Texte intégral
Q - Catherine Colonna, bonjour.
R - Bonjour.
Q - Merci infiniment d'être sur ce plateau, vous êtes la ministre déléguée aux Affaires européennes, en 2009 l'Europe devra avoir trouvé une solution définitive à sa crise ?
R - Définitive peut-être pas, mais avoir trouver une solution pour sortir du blocage institutionnel dans lequel nous sommes depuis deux ans. Il faut prendre acte de ce qui s'est passé en France et aux Pays-bas, et puis en Europe où beaucoup de nos partenaires ont suspendu le processus de ratification. Maintenant il faut en sortir, il faut repartir. Tout ne dépend pas des institutions, mais il faut aussi de bonnes institutions pour faire de bonnes politiques.

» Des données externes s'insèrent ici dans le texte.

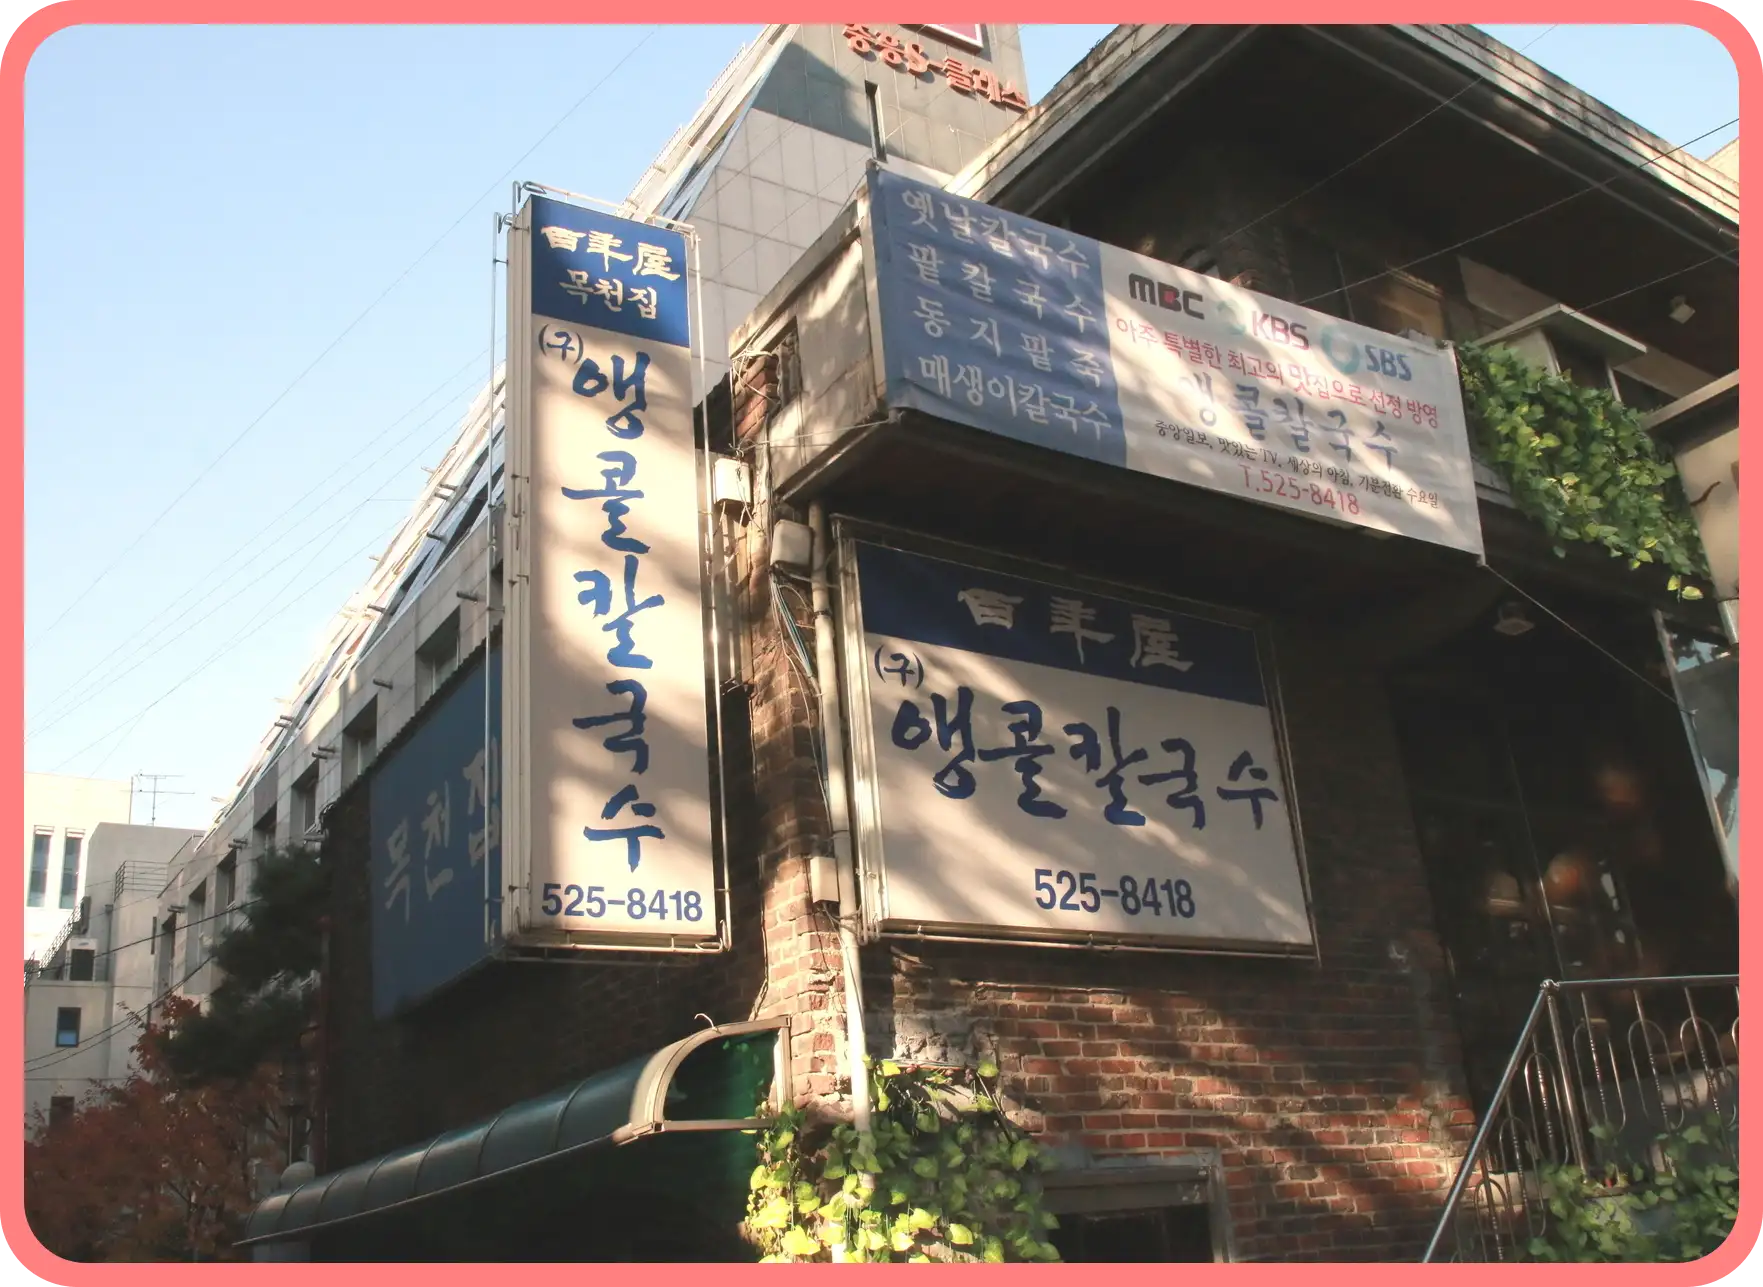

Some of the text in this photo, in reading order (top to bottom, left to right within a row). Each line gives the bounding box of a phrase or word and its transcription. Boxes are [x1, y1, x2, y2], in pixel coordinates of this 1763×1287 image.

[541, 226, 681, 281] 百年屋
[902, 190, 1090, 279] 옛날칼국수
[559, 269, 658, 320] 목천집
[1129, 273, 1412, 382] MBC KBS SBS
[538, 323, 584, 365] (구)
[1116, 318, 1438, 429] 아주 특별한 최고의 맛집으로 선정 방영
[918, 354, 1112, 440] 매생이칼국수
[1216, 437, 1258, 461] 맛있는
[1287, 456, 1322, 478] 세상의
[1358, 475, 1404, 500] 기분전환
[1406, 487, 1438, 509] 수요일
[561, 351, 666, 873] 앵콜칼국수
[957, 587, 1195, 672] 百年屋
[873, 644, 925, 689] (구)
[891, 686, 1280, 830] 앵콜칼국수
[541, 883, 704, 922] 525-8418
[1034, 868, 1196, 919] 525-8418

Q - Alors trouver une solution, cela veut dire quoi dans votre esprit, dans l'esprit de vos partenaires européens ? C'est un nouveau traité ? C'est revenir en arrière ? C'est un traité a minima comme cela peut-être proposé en France ?

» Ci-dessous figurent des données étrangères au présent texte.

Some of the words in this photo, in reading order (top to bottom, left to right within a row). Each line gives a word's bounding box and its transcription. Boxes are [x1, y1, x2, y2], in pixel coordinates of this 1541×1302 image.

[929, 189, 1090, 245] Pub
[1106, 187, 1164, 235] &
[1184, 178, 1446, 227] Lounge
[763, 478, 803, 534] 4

R - Certainement pas revenir en arrière ! Nous avons besoin d'aller de l'avant et d'y aller peut-être avec plus de coeur et de conviction que ces derniers temps. Donc un nouveau traité, oui, un nouveau traité qui sera plus simple. Soyons pragmatiques, il faut maintenant sortir de cette impasse. Comment ? En partant de la base du traité qui a été signé par tous et en regardant tranquillement, pragmatiquement, mais rapidement, ce que l'on peut garder et ce que l'on remettra à plus tard.
Q - Vous dites effectivement un traité plus simple. Qu'est ce que l'on retire ?
R - Je crois qu'il faut plutôt se demander : que veut-on y mettre ? Et ce que l'on veut y mettre, par priorité, ce sont de nouveaux mécanismes de décision, des mécanismes rénovés. L'Europe à 27 a du mal à prendre des décisions, tout simplement parce que dans un certain nombre de sujets l'unanimité est un facteur de blocage. Or nous devons prendre des décisions qui permettent à l'Europe d'être efficace, qui lui permettent d'assumer sa vocation et d'être comprise des citoyens européens. Donc, en priorité, je crois que c'est cela. Si nous pouvons faire davantage, nous le ferons, sinon nous ferons les choses en deux temps. Depuis plusieurs mois, je suis arrivée à la conclusion que c'est une démarche pragmatique, en deux temps, qui nous permettra de tenir le mieux notre objectif de 2009.
Q - Il y a quand même, Catherine Colonna, une triste ironie du sort à célébrer aujourd'hui le 25 mars 1957 alors que l'Europe est quand même vraiment en panne, l'Europe est en crise.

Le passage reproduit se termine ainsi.